The initial conference in the case was held on April 23, 2010. [Doc. No. 6]. Thereafter, the parties vigorously litigated the case and conducted discovery. At the parties' request, on May 17, 2011, the Court held a settlement conference. In addition to plaintiff's counsel (Edith Pearce, Esquire) and defense counsel (Gail Beran, Esquire), plaintiff and a client representative of defendants (Michele West Jones) appeared at the settlement conference. Plaintiff's husband also accompanied her. At the conference the parties reached a settlement which was memorialized in a handwritten May 17, 2011 confirmation signed by plaintiff, all counsel and Ms. Jones. See Certification of Gail R. Beran, Esquire, Exhibit D. The entire agreement reads as follows: s/Laura Cintron s/Gail R. Beran, DAG s/Edith Pearce s/M.W. Jones, DHS, Legal

5/17/11 Civil Action No. 10-195 1. By May 27, 2011, Laura Cintron will submit the DPF- 44 form to Mona Fredlund. Within 30 days of submission Ancora will submit the form to the appropriate department. 2. Laura Cintron's mail receptacle will be moved to the front office area. 3. Laura Cintron may cc the deputy CEO of Ancora on any future applications for promotional announcements. 4. The State will credit Laura Cintron 25 days of SLI. 5. Plaintiff shall be paid $25,000.00 in full settlement of all pending claims against the State and will sign the standard release form dismissing all claims with prejudice. The check will be made payable to Laura Cintron and The Pearce Law Firm, P.C. and mailed via certified mail to The Pearce Law Firm, P.C. Laura Cintron agrees to sign all forms necessary to process this settlement. As is evident from the signed agreement, the settlement did not merely involve a monetary payment. Defendants also agreed to other concessions to accommodate plaintiff's concerns about ongoing harassment and her inability to be promoted.

After she signed the settlement agreement, plaintiff had second thoughts. On May 18, 2011, plaintiff faxed a letter to all counsel and the Court stating that she would not proceed with the settlement. On May 23, 2011, defense counsel sent plaintiff a Release and other settlement documents to sign. See Beran Certification, Exhibit G. On the same date, the Honorable Noel L. Hillman entered a 60-day Order of Dismissal. Id. at Exhibit F. After plaintiff's counsel did not return the signed Release and settlement documents, defense counsel sent her a June 15, 2011 letter asking that the documents be signed and returned. To date, plaintiff has not returned the signed settlement documents that were mailed on May 23, 2011.

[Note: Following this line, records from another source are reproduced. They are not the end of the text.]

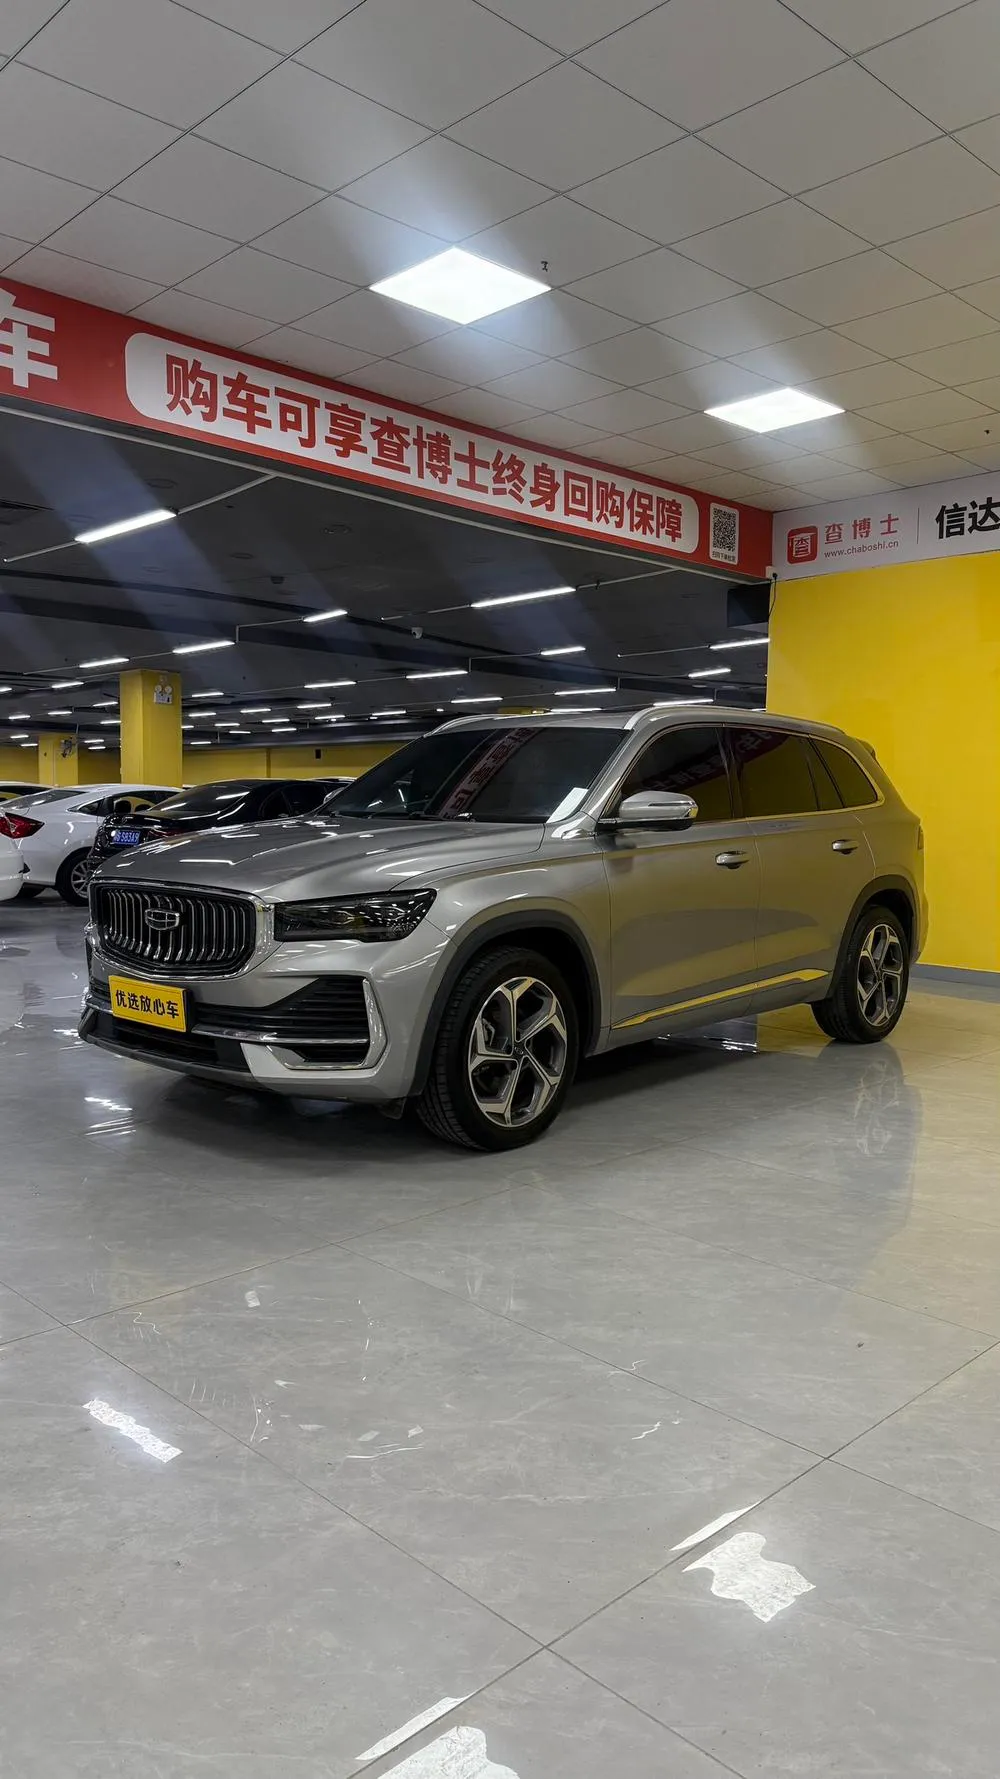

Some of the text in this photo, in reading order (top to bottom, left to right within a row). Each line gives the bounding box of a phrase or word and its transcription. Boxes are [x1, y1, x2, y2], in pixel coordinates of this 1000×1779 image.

[166, 353, 682, 543] 购车可享查博士终身回购保障
[824, 513, 900, 545] 查博士
[934, 496, 1000, 540] 信达
[824, 539, 899, 559] www.chaboshi.cn
[115, 989, 180, 1019] 优选放心车

The Court did not retain a copy of plaintiff's letter and is therefore unable to quote it directly. The Court recalls, however, that plaintiff claimed she had a three-day right of recession. In opposition to the instant motion plaintiff abandoned this argument.

Defendants' motion argues that plaintiff agreed to settle the case on May 17, 2011 and as a result the settlement should be enforced. Defendants ask the Court to Order plaintiff to sign the settlement documents they sent plaintiff's counsel.

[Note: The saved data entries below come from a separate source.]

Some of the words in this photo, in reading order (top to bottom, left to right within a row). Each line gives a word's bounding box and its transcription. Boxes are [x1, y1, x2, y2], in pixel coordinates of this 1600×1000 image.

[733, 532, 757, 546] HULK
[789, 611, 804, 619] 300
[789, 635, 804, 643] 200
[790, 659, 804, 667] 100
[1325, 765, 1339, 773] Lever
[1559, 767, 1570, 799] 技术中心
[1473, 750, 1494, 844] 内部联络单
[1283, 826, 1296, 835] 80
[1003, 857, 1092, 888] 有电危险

Plaintiff argues the settlement should not be enforced because she signed the settlement agreement under duress. See Transcript of August 30, 2011 Hearing ("Tr.") 14:18-19. When asked what duress she was under, plaintiff stated:

I feel intimated [sic], I felt intimidated because I don't know what they will say to — they could give the word and they could come after me and try to make me quit my job. You don't understand where I work at is very dysfunctional. I don't know how I have survived all these years. (Tr. 15:18-23).

Plaintiff also explained:

I was very overwhelmed by the whole mediation process and intimidated by the fact that the Deputy Attorney General and the attorney for our facility, officials representing my employer, my livelihood, wanted me to sign this form. This, coupled with my attorney, who seemed to be focused on the settlement, made me sign the document under duress. At the moment I did not have the courage to say no, but I know that if I don't do something, my situation will not improve. (Tr. 12: 11-20).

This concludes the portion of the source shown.